Hermes Agent is an open-source artificial intelligence agent under the MIT license. It runs in your terminal, learns from experience, remembers across sessions, and works with any model provider. It belongs to the same category as Claude Code, Codex CLI, and Cursor, but with one difference: it is completely open and runs on your own machine.
Three developments in this release deserve attention.
The first is session search. Hermes now uses SQLite FTS5 to search across your entire conversation history. A query takes about 20 milliseconds. It costs zero dollars. It calls no language model. It’s a local database doing what databases do well. For an agent that accumulates weeks or months of conversations, being able to instantly and freely retrieve context changes the experience.

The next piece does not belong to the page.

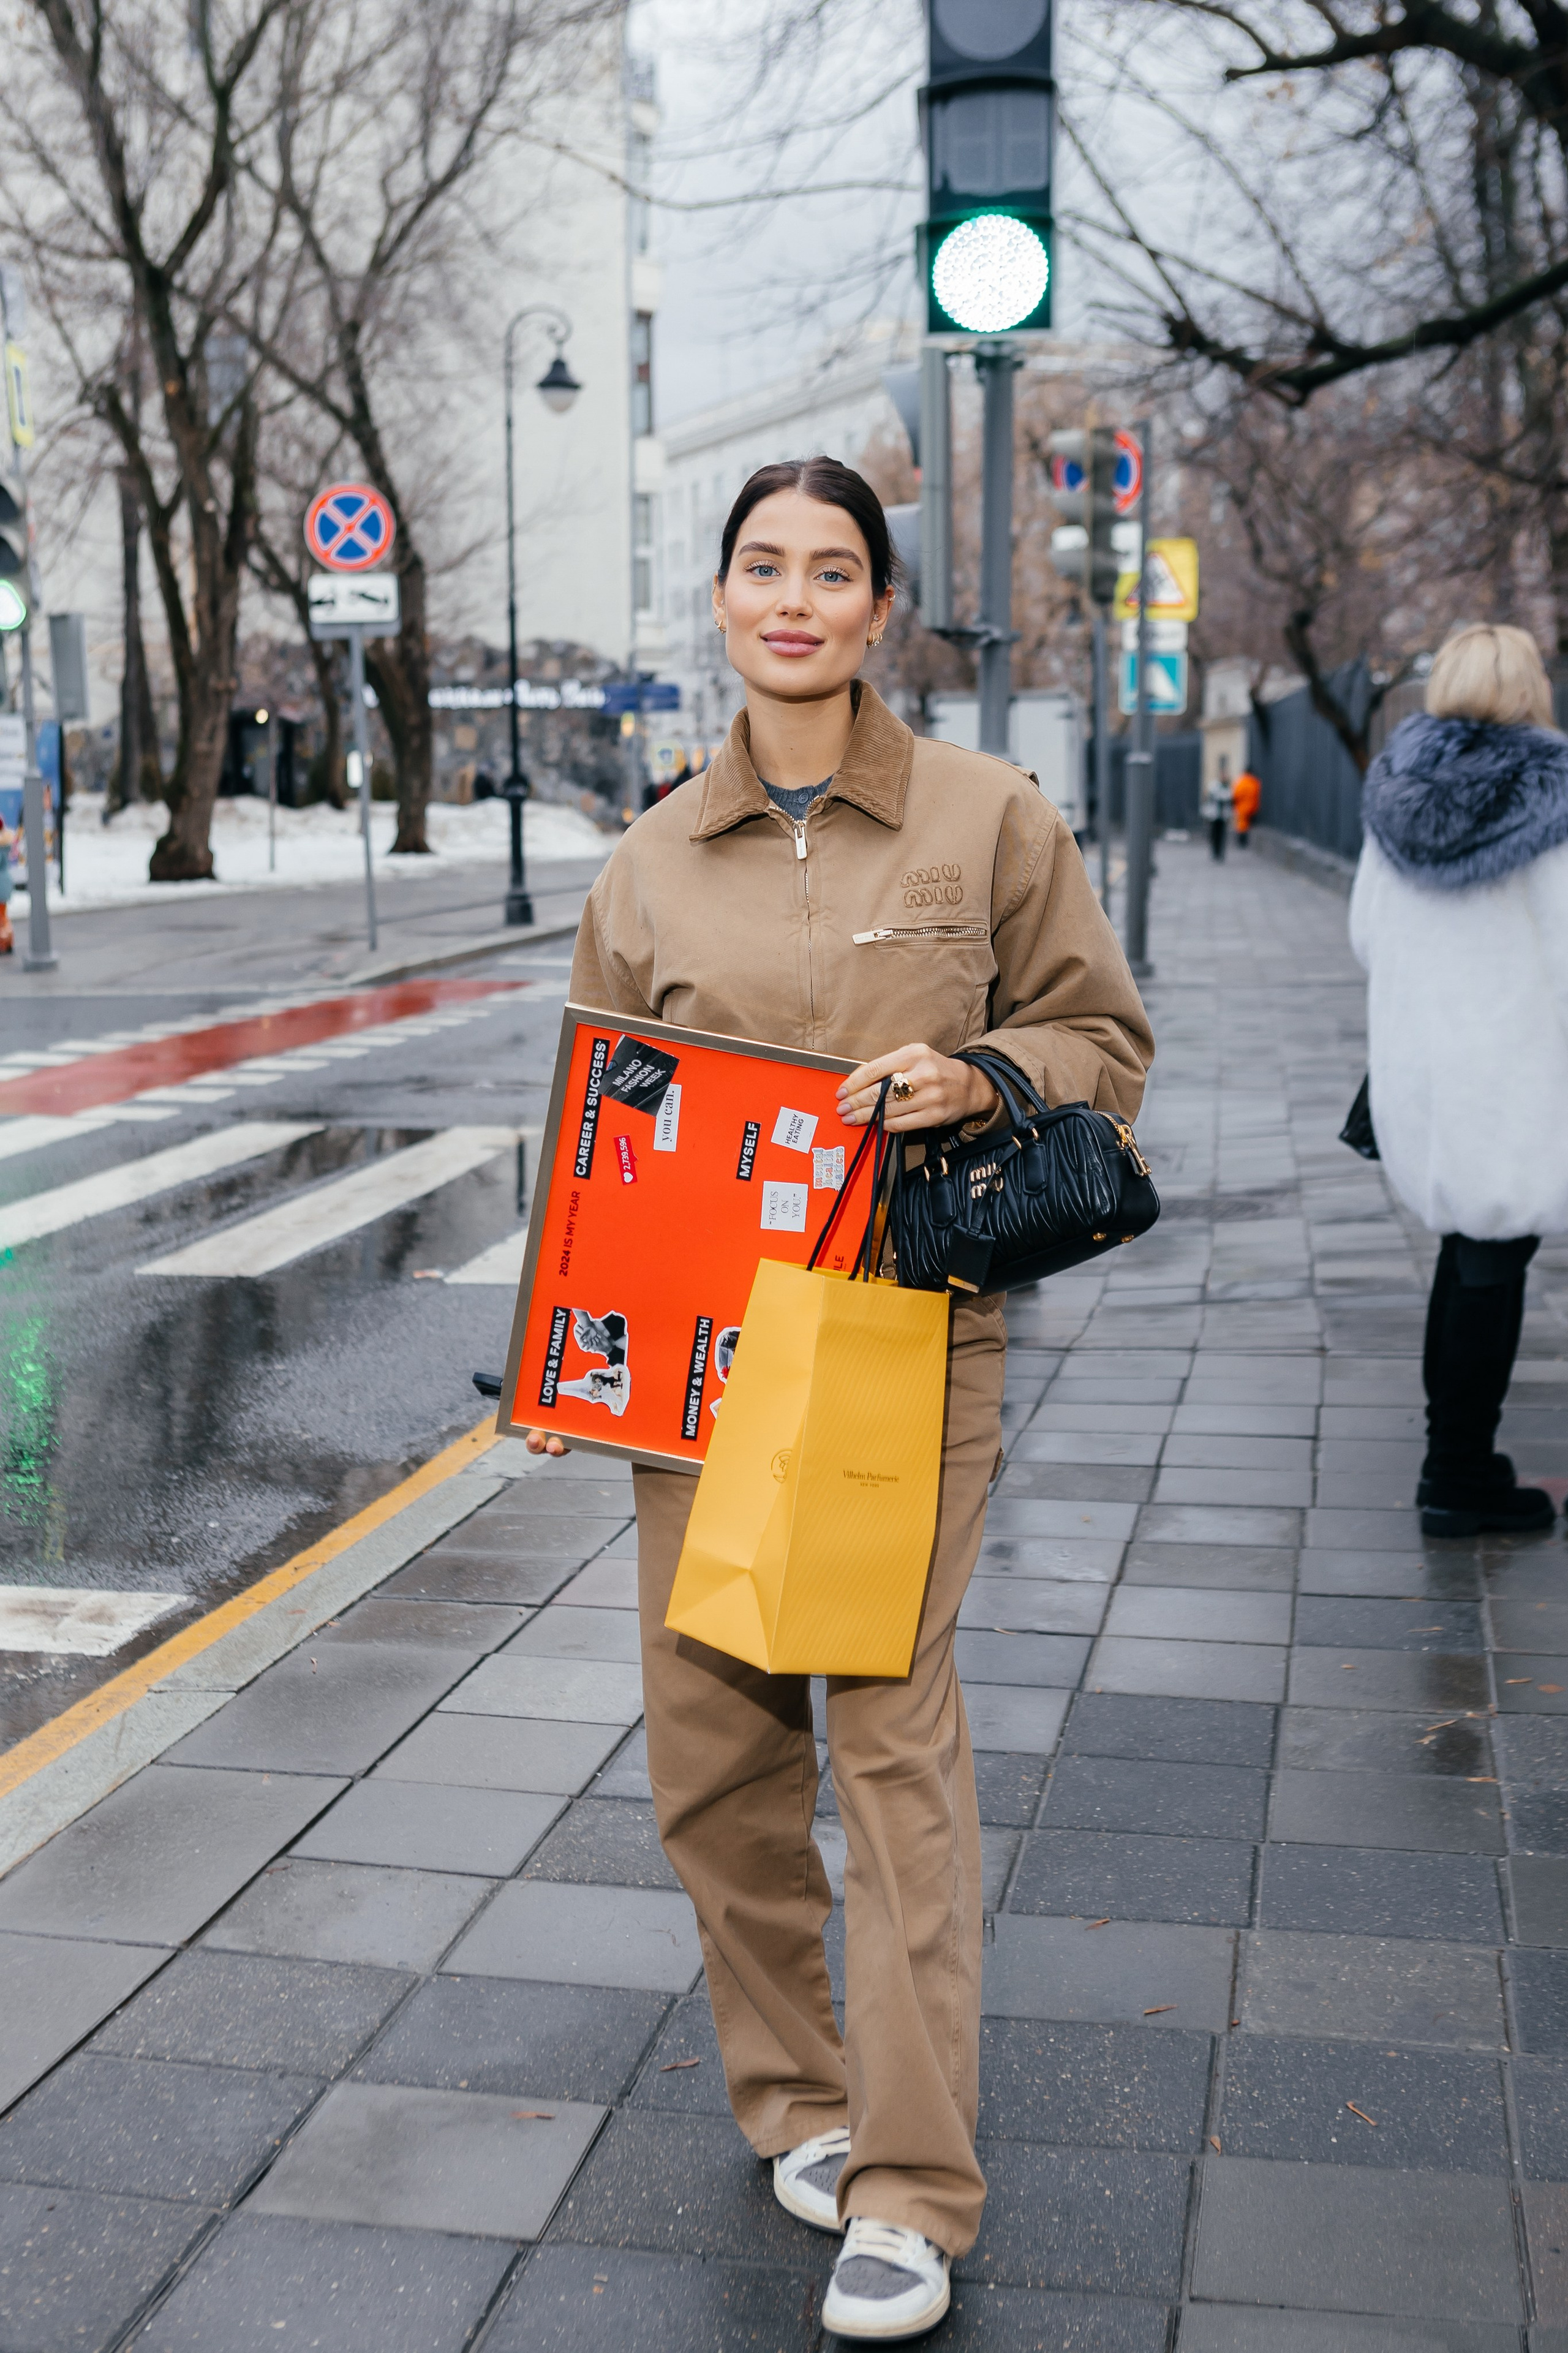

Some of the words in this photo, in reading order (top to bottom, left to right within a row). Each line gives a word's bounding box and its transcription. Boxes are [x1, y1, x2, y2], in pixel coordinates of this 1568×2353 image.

The second is prompt injection defense. The release includes what Nous Research calls “Promptware Defense”: shared threat patterns, memory scanning on load, delimiters in tool outputs, protection of configuration files against malicious writes, and credential leak prevention. For an agent that has access to your filesystem and can execute commands, this is not cosmetic — it’s security infrastructure. Some YouTube videos called it “brain worm defense.” The official term is more sober, but the system is real.
The third is the multi-agent swarm system: an orchestrator that coordinates verifier agents in pipelines. It also debuted “Tool Search,” which loads MCP tools on demand with streaming and autocomplete.
A couple of things circulating on YouTube need correction. One video claims the release integrated “more than 700 pull requests.” The official number is 285+. Another says the search is “4,500 times faster.” Official documents record ~20ms without specifying what it is being compared against. And the organization’s name is Nous Research, not “Noose Research.”
The Velocity release confirms a trend: open-source agents are catching up to proprietary ones in functionality, and in some respects —like free local search— they are surpassing them.